The state payroll has, in recent weeks, become a subject of public discourse, where the state’s workforce has skyrocketed from a little above 18,000, at the end of former Governor Liyel Imoke’s administration in 2015, to a staggering 56,358 as of May 29, 2023, leaving an over-bloated wage bill for the Governor Bassey Otu-led administration to deal with.

A further breakdown of the 56,358 workforce by Eteng revealed that the State Universal Basic Education Board (SUBEB) has 14,328 staff, Primary Health Care Development Agency, 2,812, State Civil Service, 22,526, pensioners, 19,701, Local Government Service, 4,131 and Traditional Rulers Council, 2,860.

The HoS stated that Otu has kept his promise of prompt payment of salaries, and has done so up-to-date, except for a few civil servants whose names could not be reconciled on the nominal roll and payroll. He, however, notified Cross Riverians that there is an ongoing strategic cleanup of the state payroll, driven by his office and the Accountant General, to rid the system of ambiguities.

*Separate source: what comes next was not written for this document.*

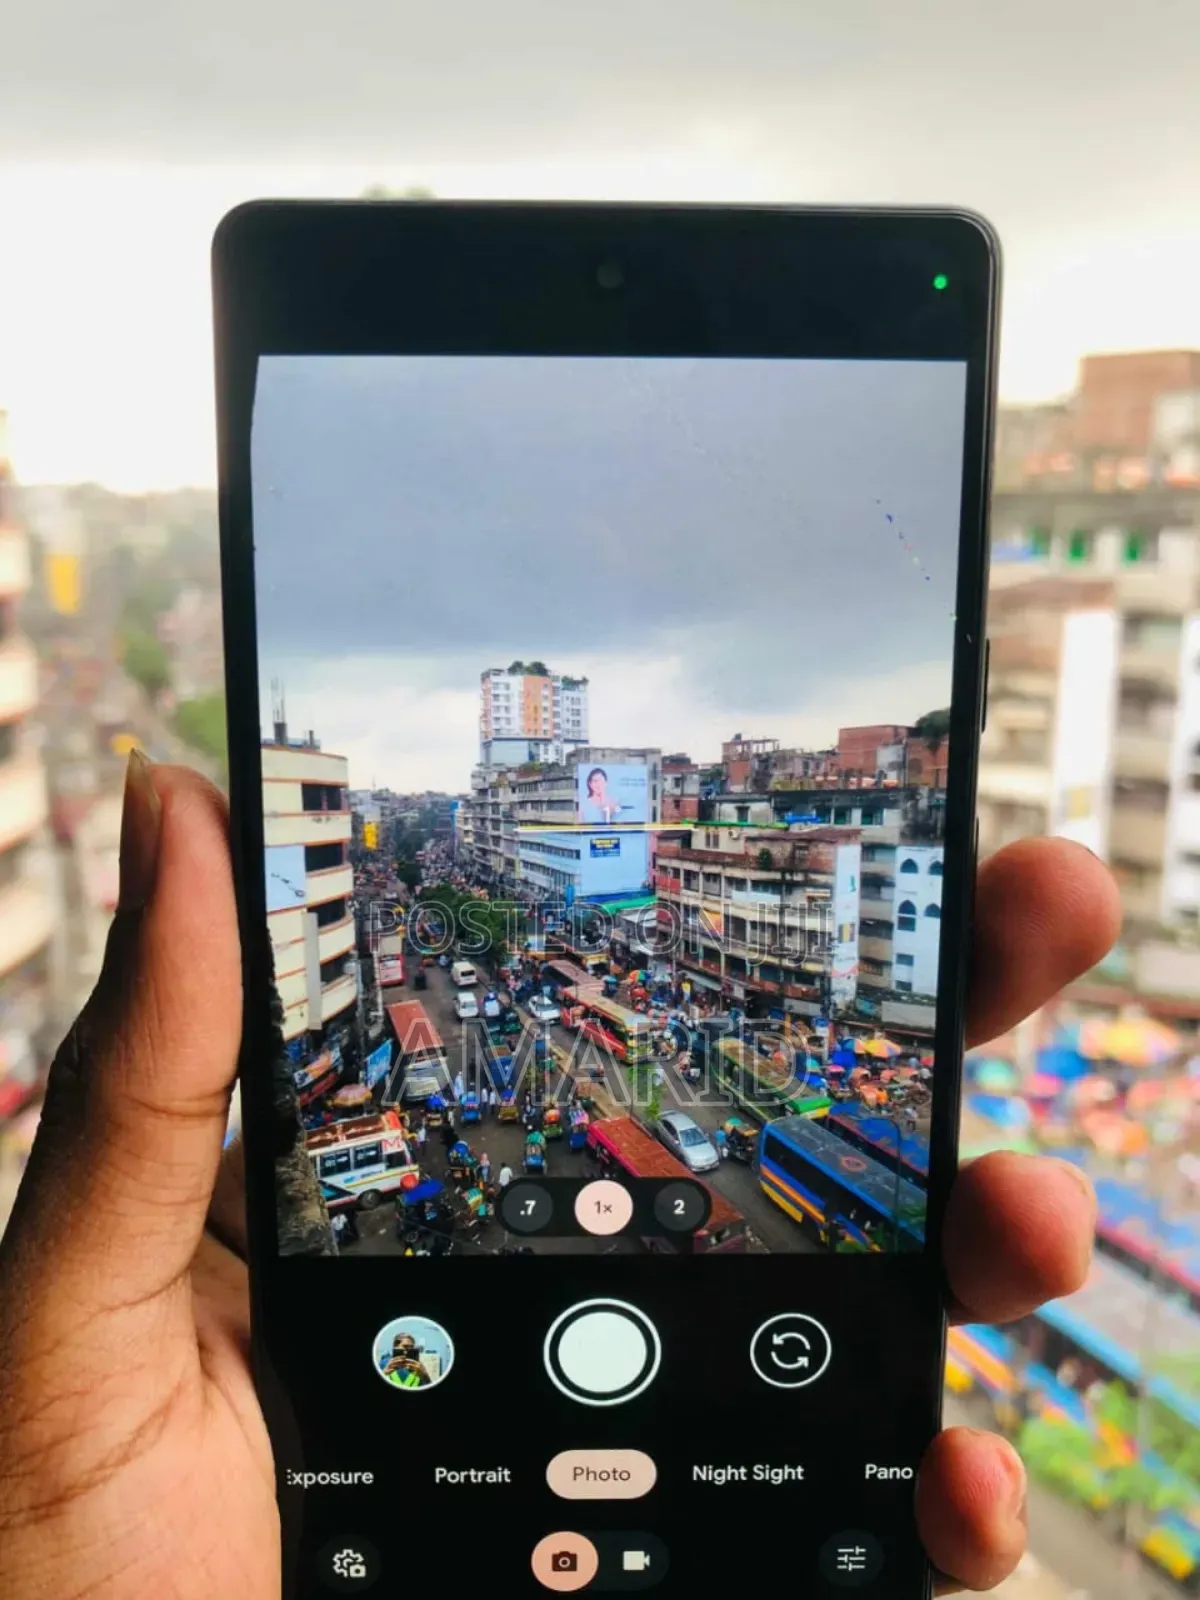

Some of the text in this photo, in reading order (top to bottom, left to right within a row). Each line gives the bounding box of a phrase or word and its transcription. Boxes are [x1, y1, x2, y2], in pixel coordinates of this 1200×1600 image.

MEANWHILE, following this development, Eteng has warned that 80 per cent of the state’s workforce may not be paid March 2024 salaries.He said that this is sequel to flagrant disregard of the government’s directives by permanent secretaries and directors of administration of Ministries, Departments and Agencies (MDAs) to submit nominal rolls of their MDAs to his office and the office of the Accountant General.

The Head of Service noted that out of the 31 MDAs in the state, only eight have so far submitted their payroll for reconciliation and clearance for payment of March salaries, adding that workers in the MDAs that have refused to comply with the directive would not be paid March salaries.